And there is space for normativity here. An organism that fails to instantiate any of those coherent systems cannot feed itself or reproduce, and is therefore bad as an organism, since to be organic just is to have a telos to sustain oneself and reproduce. An organ placed within an organism, where it needs to serve a specific function for that organism to instantiate a coherent system, is bad as an organ if it cannot serve that function - the deformed wing of that unfortunate bird.
That evolution finds the coherent systems called "species" by random processes is no argument against the existence of such systems as Platonic or Aristotelian forms. Thinking it does merely interprets final and formal causation as a variety of efficient causation - reading "wings are made for flight" as an explanation of how they came to be, instead of what they do.
Posted by: Michael Brazier | Tuesday, August 22, 2023 at 09:45 AM
Michael,
You raise good points against the scientific-materialist view I presented (which was more or less my own view, until ten or fifteen years ago).

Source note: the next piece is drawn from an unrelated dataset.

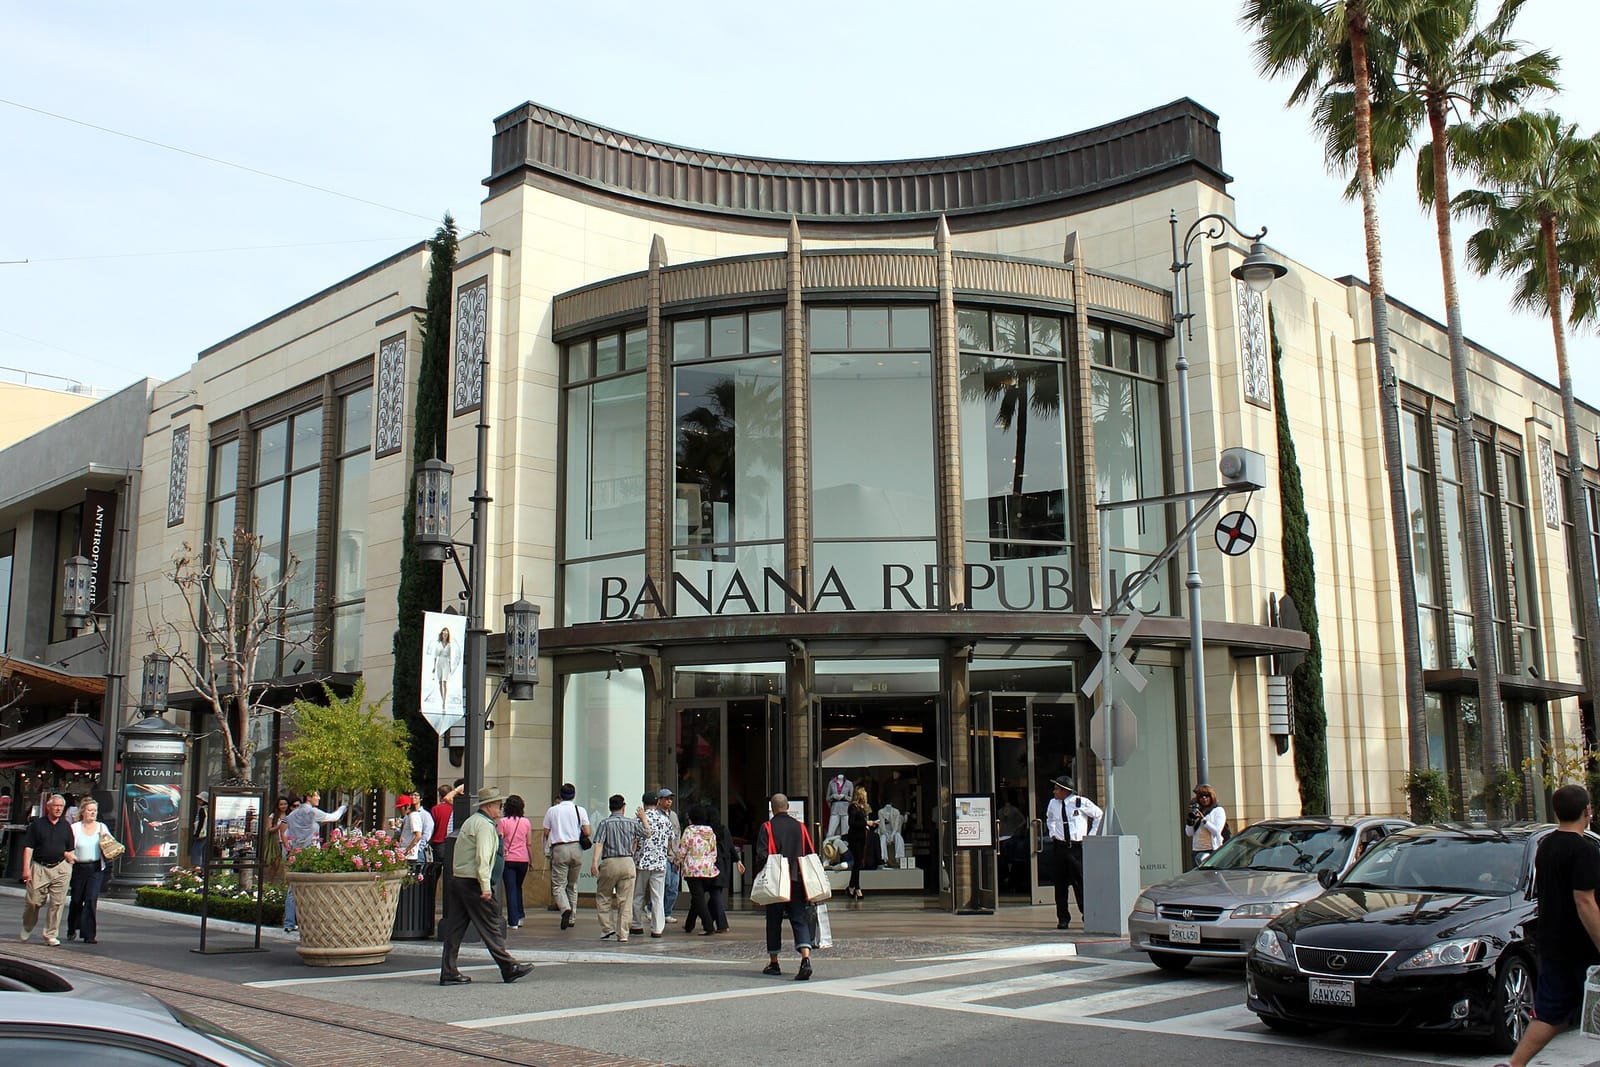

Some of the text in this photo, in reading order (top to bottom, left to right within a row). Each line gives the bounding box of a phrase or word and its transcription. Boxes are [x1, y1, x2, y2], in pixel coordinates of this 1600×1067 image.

One objection that the Darwinist might raise is that the "sweet spots" we're talking about -- the peaks in "design space" that represent coherent systems with high fitness and a likelihood of success -- are not static over time, as one would expect Platonic forms to be; as I had my hypothetical Darwinist say in the comment above, "they just emerge from the swirling chaos of the natural environment and the collisions of flora and fauna, and the conditions that favor them come and go over time."
Most species that have ever existed (indeed, very nearly all) have gone extinct, as the niches they were optimized for have vanished. To the materialist this makes the idea of a "species" seem much more a temporary manifestation of continuously changing circumstances than anything ideal, abstract, and timeless.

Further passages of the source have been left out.